The PoTS treatment came in the form of medication to increase my BP and limit my heart rate. Sadly holistic approaches like drinking more and excessive salt, which has helped some patients, was not sufficient enough to control it.
After 4 years of trying different medications I now have somewhat of a balance. I am able to stand most days and have more energy. It is still a daily battle, with random and sometimes severe reactions, dislocations and collapses.

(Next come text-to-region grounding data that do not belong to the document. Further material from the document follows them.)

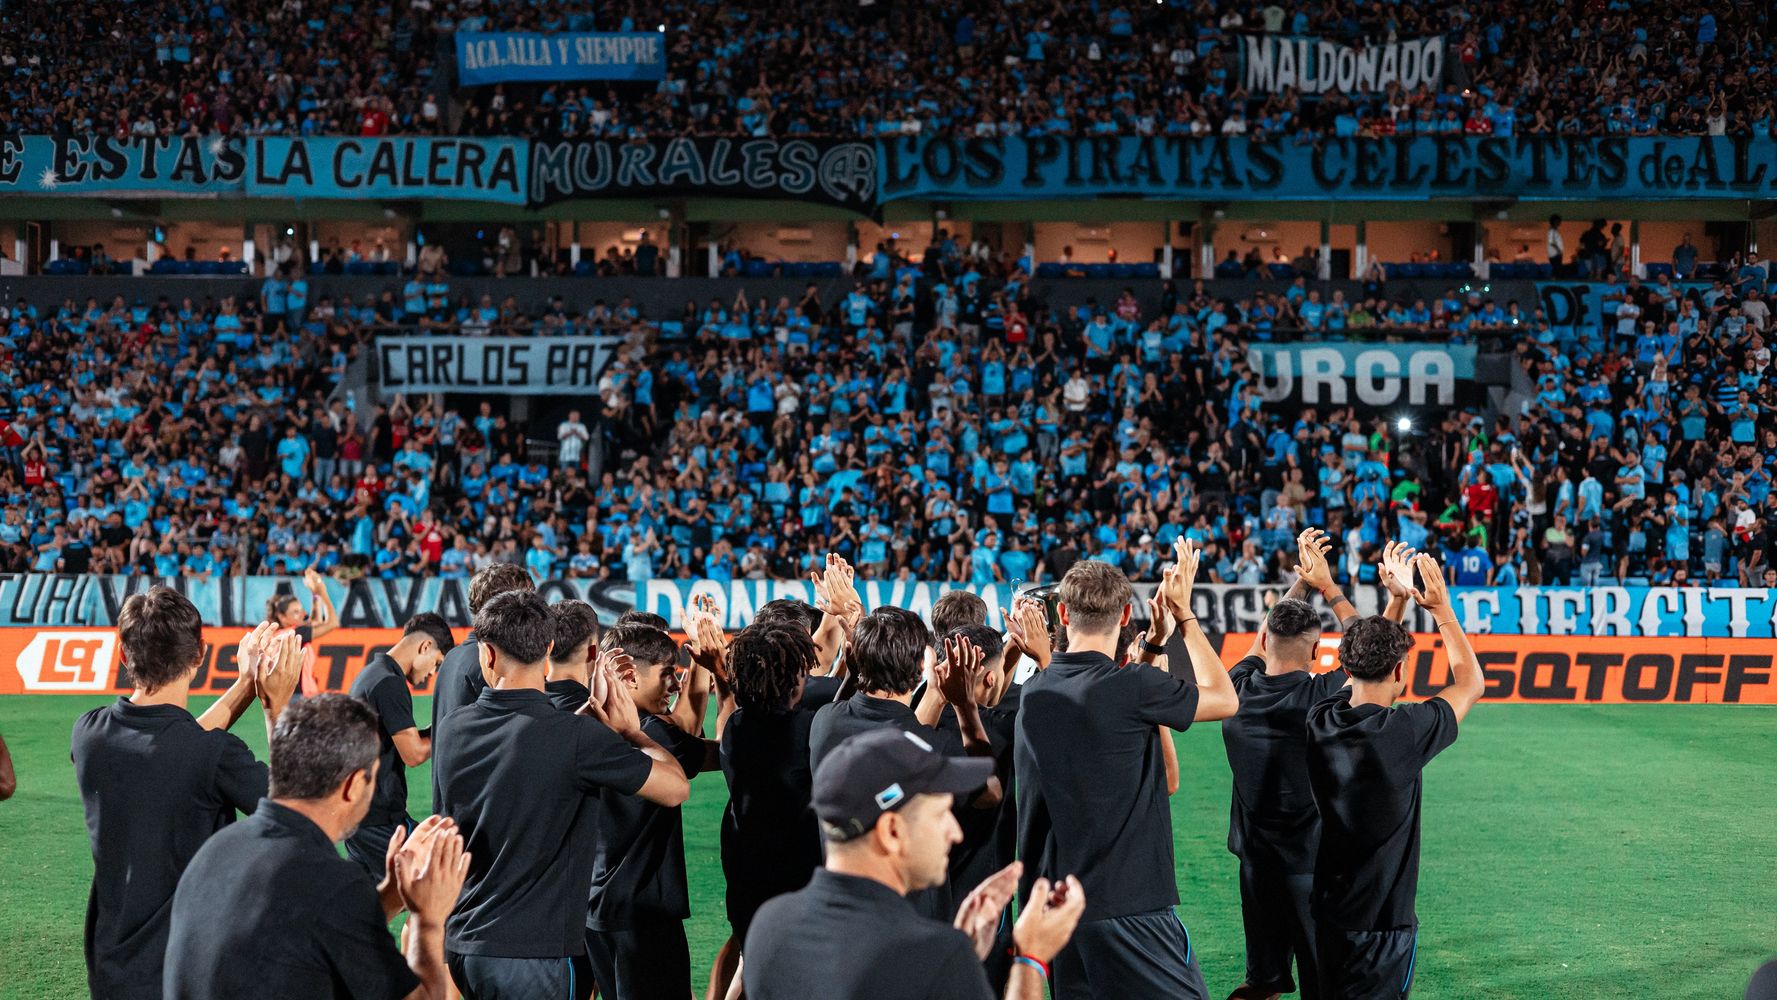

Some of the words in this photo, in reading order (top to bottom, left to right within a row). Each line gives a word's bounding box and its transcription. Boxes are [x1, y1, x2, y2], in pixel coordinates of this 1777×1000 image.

[556, 38, 569, 65] Y
[575, 36, 659, 65] SIEMPRE
[1246, 35, 1443, 94] MALDONADO
[50, 133, 247, 184] ESTAS
[254, 138, 314, 186] LA
[332, 139, 520, 194] CALERA
[530, 138, 818, 202] MURALES
[882, 135, 1002, 193] LOS
[1018, 135, 1284, 190] PIRATAS
[1310, 136, 1629, 191] CELESTES
[381, 343, 532, 388] CARLOS
[1247, 347, 1455, 407] URCA
[1462, 555, 1480, 573] 10
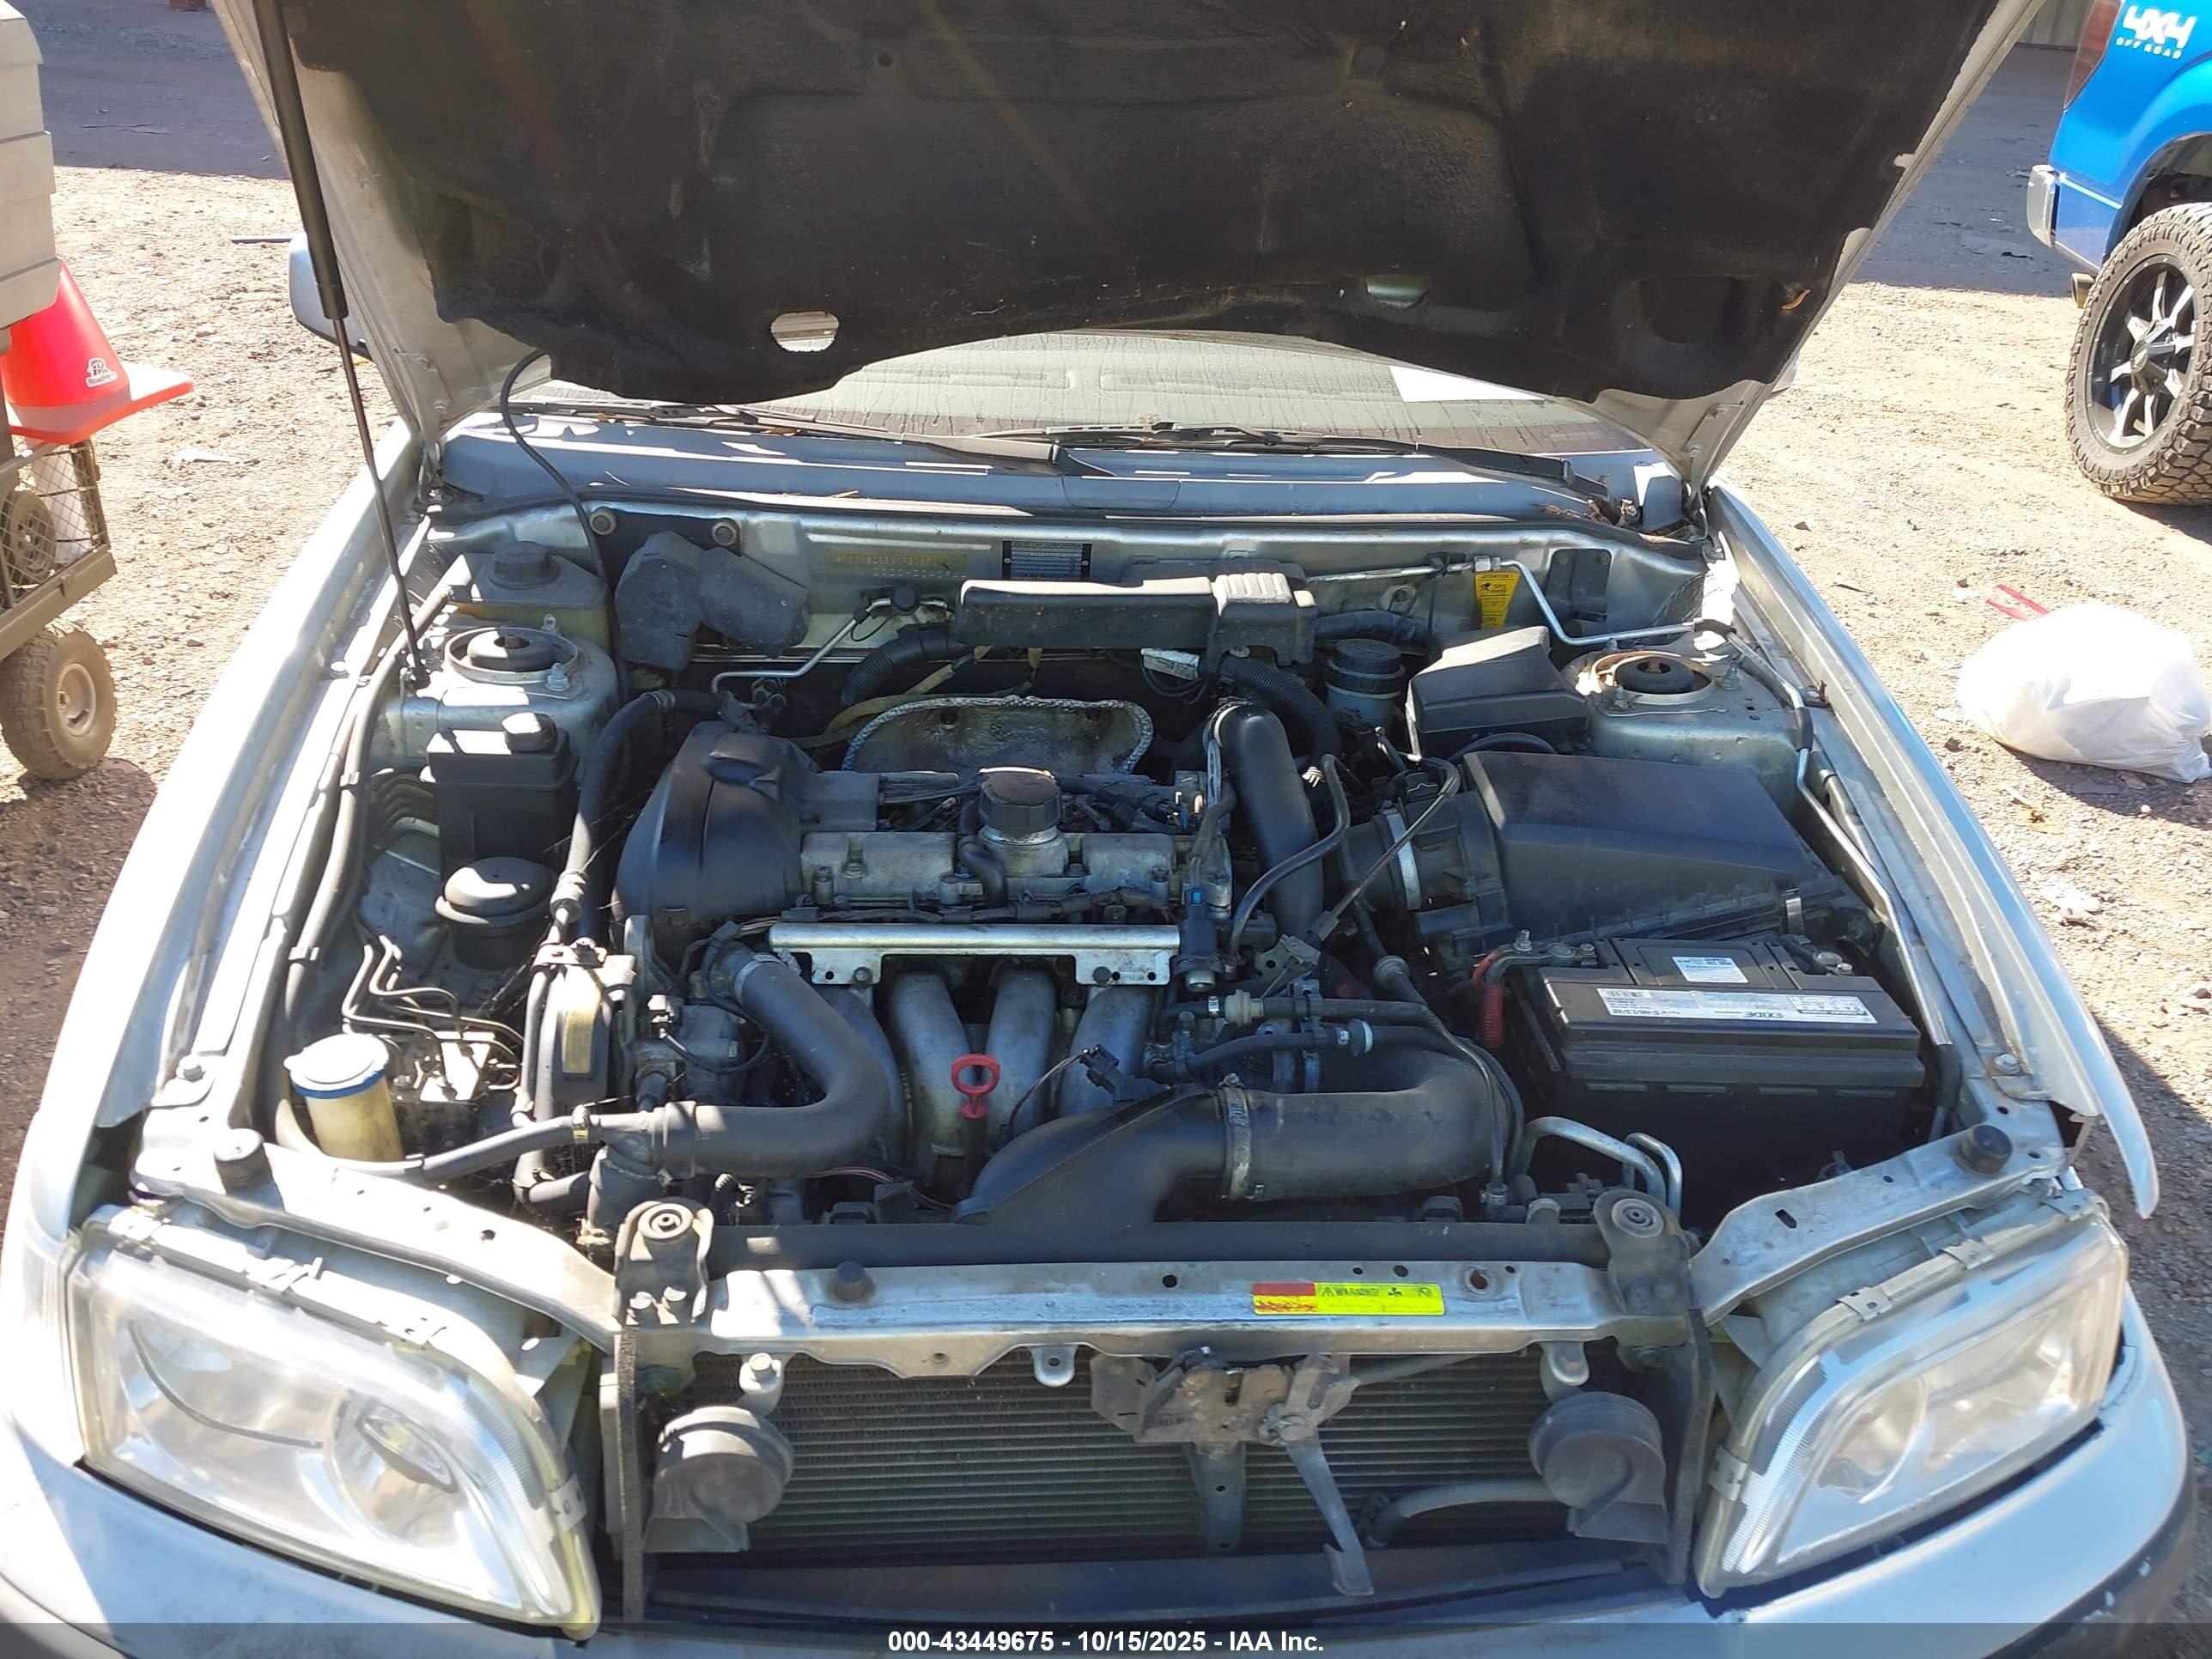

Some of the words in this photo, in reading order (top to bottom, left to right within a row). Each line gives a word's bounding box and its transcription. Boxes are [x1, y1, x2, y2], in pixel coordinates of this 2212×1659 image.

[2115, 37, 2142, 49] OFF
[2143, 44, 2182, 59] ROAD
[1743, 1011, 1784, 1019] EXIDE

I am able to function (outwardly) relatively normally. I would stress that this is only because I didn’t give up in pursuing treatment or settle for a Chronic Fatigue diagnosis. I am lucky to have been able to afford nearly £15 000 of medical treatment which has given me a future and hope. These conditions are not well recognised, accepted or catered for by the NHS and I suspect they are not as rare as the statistics indicate, rather there is such limited ability to get appropriate and accurate diagnosis. Although the link between these conditions is medically unclear, my EDS presented years before the other conditions. I had seemingly random issues with my joints from a young age, but they we’re relatively minor so I didn’t question that there was an underlying issue. I suffered Labyrinthitis when I first blacked out, which appears to have triggered a cascade of other unusual symptoms.
Despite my challenges I am happy and healthy enough to have more normality in my life, run my own business and enjoy my 20’s. This wouldn’t have been possible without treatment and I would like to offer some hope to those who think they are beyond medical help. I’d also like to be an aspiration to doctors that might see patients with long and unusual medical histories, to feel they are able to make a difference. The right specialists have literally changed my life and given me a future – I can’t thank them enough.